To be honest, it was the other way around: Failed romance writer needs paying job; goes to law school. And that was almost twenty years ago.
I wrote my first (bad) romance in my teens. I submitted it to Harlequin and was not surprised when they rejected it. (I may even have been reassured. A bit like Groucho Marx, I wouldn’t want to read a genre that would include my work.)
I wrote my second (not-quite-as-bad) romance in my 20s. I got a lovely rejection letter from Leslie Wainger saying, in effect, not this but send us your next one. I didn’t write another novel for almost 30 years. (And they say “fear of success” is a myth . . .)

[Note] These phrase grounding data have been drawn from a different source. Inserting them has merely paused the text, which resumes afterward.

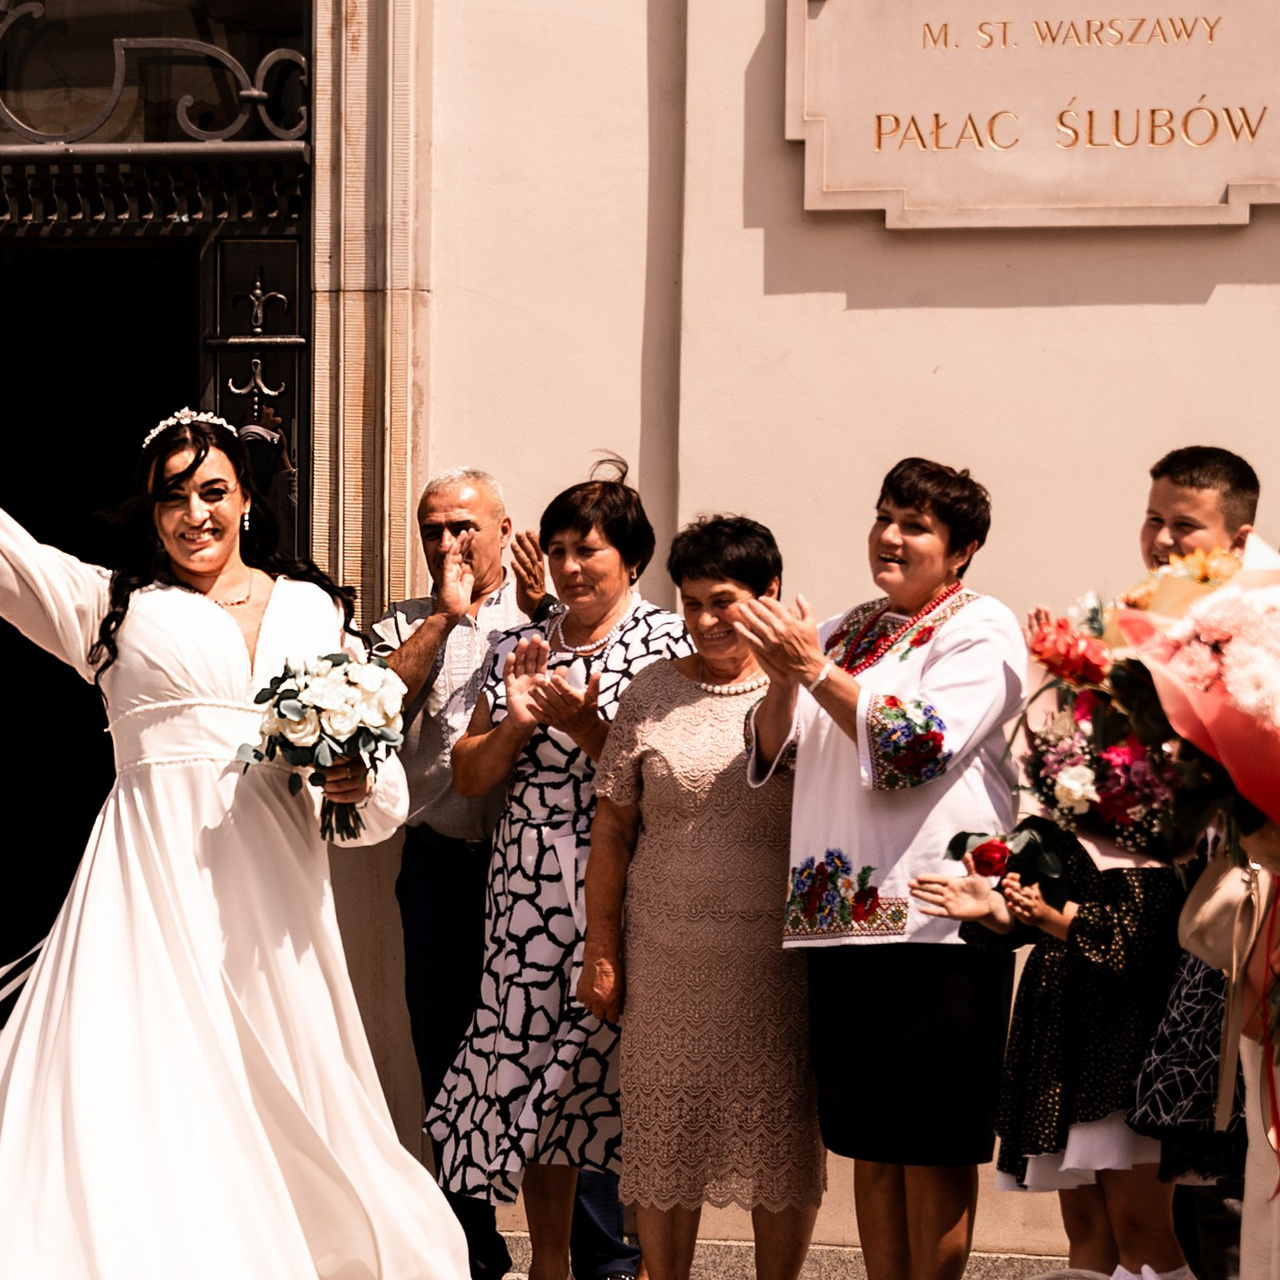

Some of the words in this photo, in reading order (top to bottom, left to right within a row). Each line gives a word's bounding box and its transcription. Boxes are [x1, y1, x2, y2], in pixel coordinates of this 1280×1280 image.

[922, 21, 959, 50] M.
[976, 20, 1019, 50] ST.
[1033, 17, 1222, 48] WARSZAWY
[873, 111, 1020, 153] PAŁAC
[1055, 94, 1269, 151] ŚLUBÓW
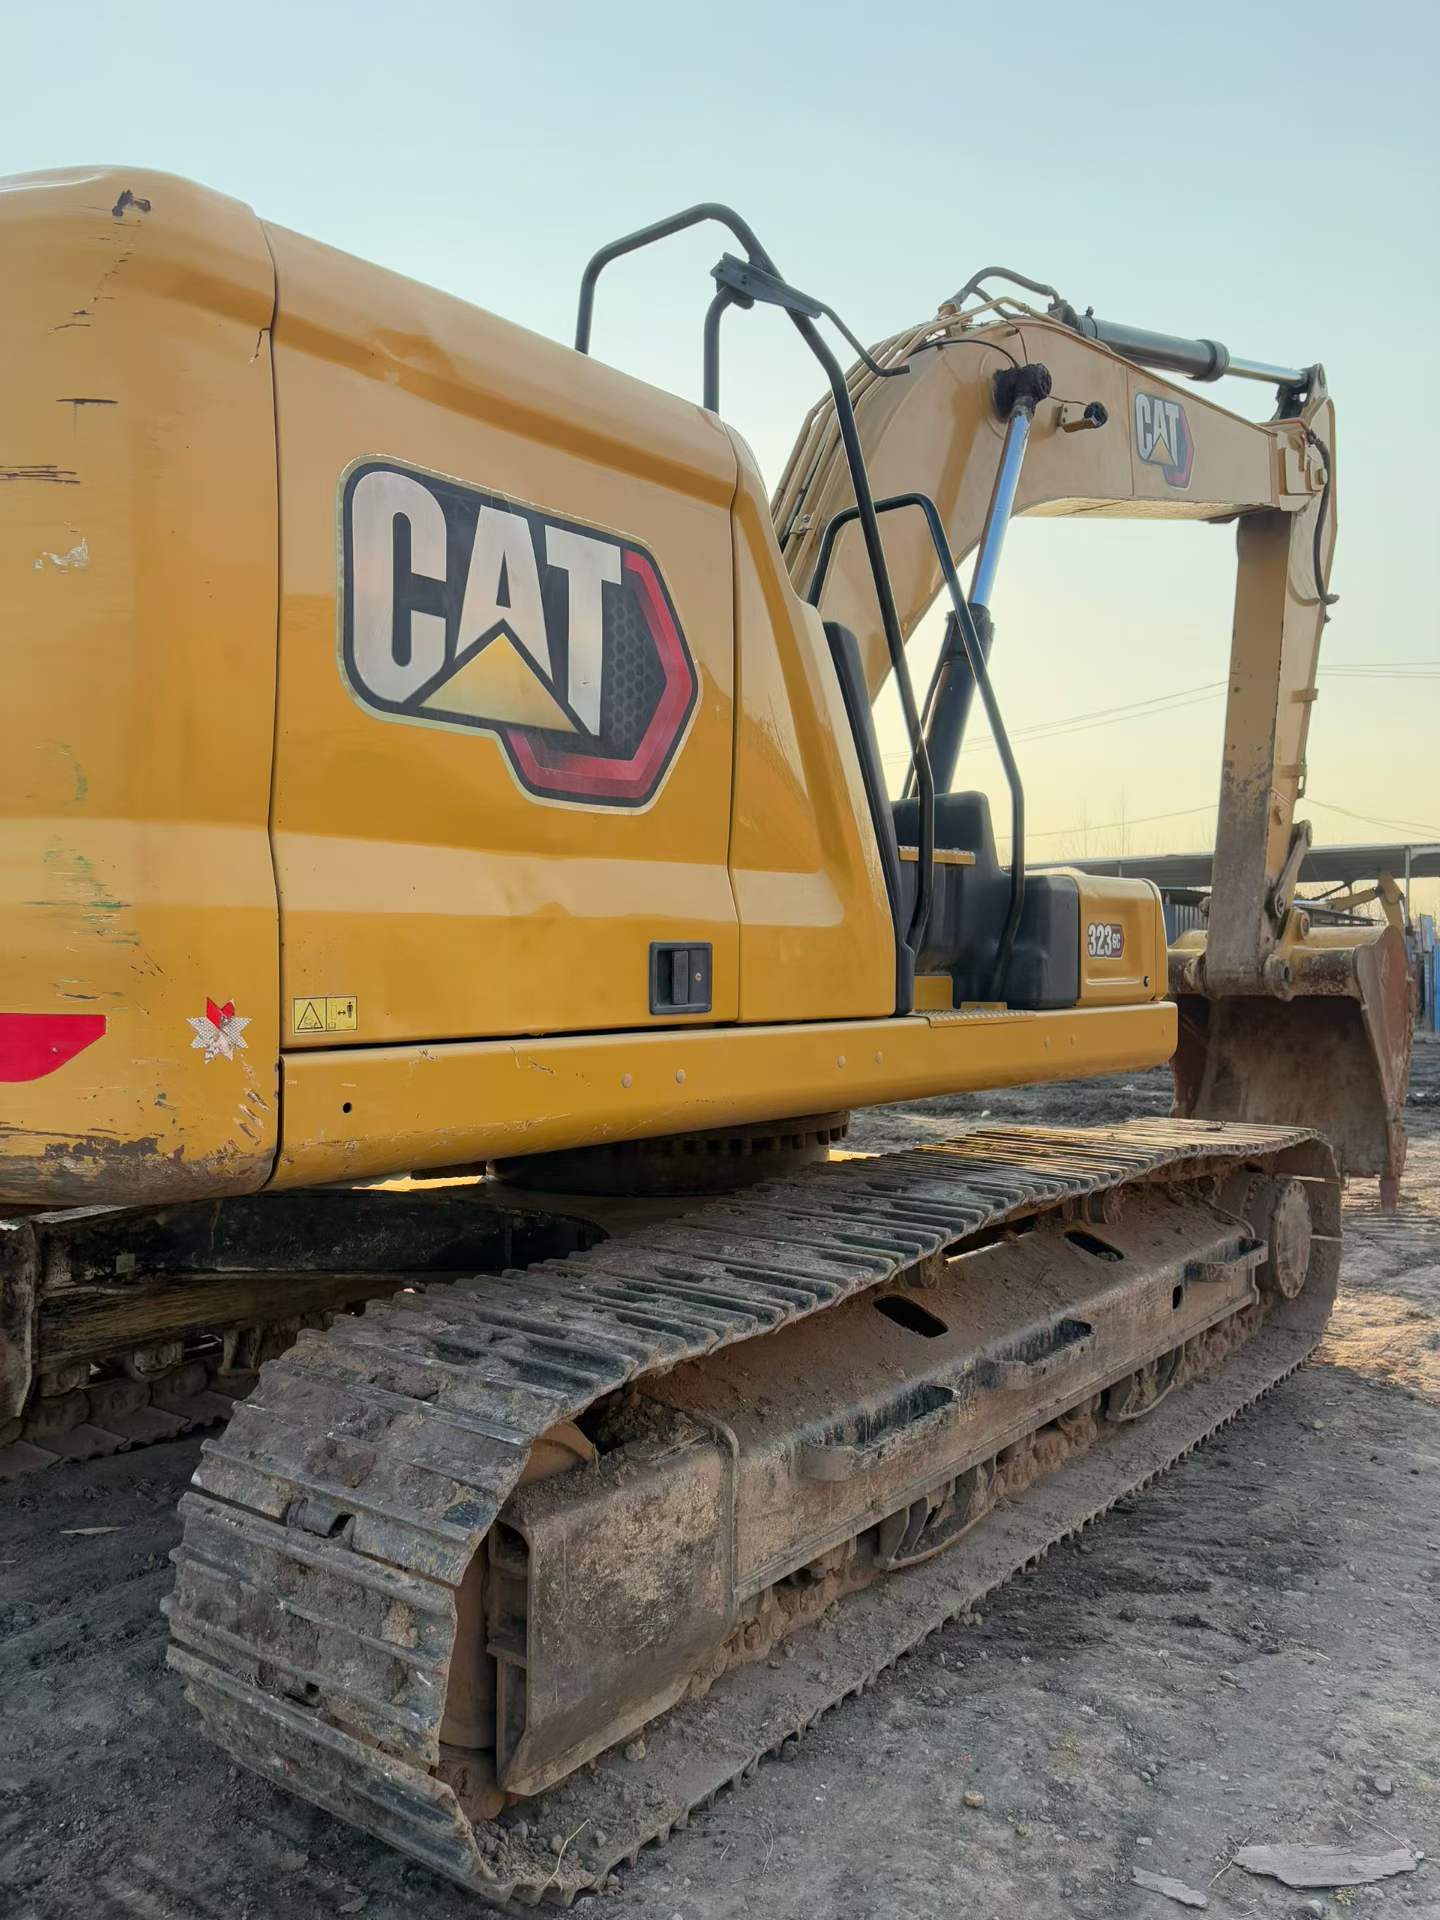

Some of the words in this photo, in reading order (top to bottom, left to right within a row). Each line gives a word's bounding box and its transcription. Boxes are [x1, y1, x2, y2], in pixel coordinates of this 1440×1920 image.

[1135, 393, 1180, 467] CAT
[351, 470, 622, 737] CAT
[1088, 923, 1112, 956] 323

So after earning degrees in biology (failed pre-med) and philosophy (failed academic), I failed to get into the Culinary Institute of America. (I call this my “love of failure” period.) When I realized I needed to make money, I enjoyed brief stints as an editorial assistant to a statistician, representing a day care center before the USDA, testing hearing in a flour mill, and packing pottery at night, among other things. I finally got a real job in public health. Somehow that led to law school. (Which led to a federal clerkship, a job in litigation at the number two law firm in Philadelphia, marriage to a British patent attorney, the purchase of a 200+ year old house in Pennsylvania’s Endless Mountains, my first divorce and second British husband, taking family law court appointments in my county, being a mediator, and ultimately taking inactive status as a lawyer — a technical term that means I pay the Commonwealth of Pennsylvania $70 a year to let me not practice law. I figure it’s worth it…)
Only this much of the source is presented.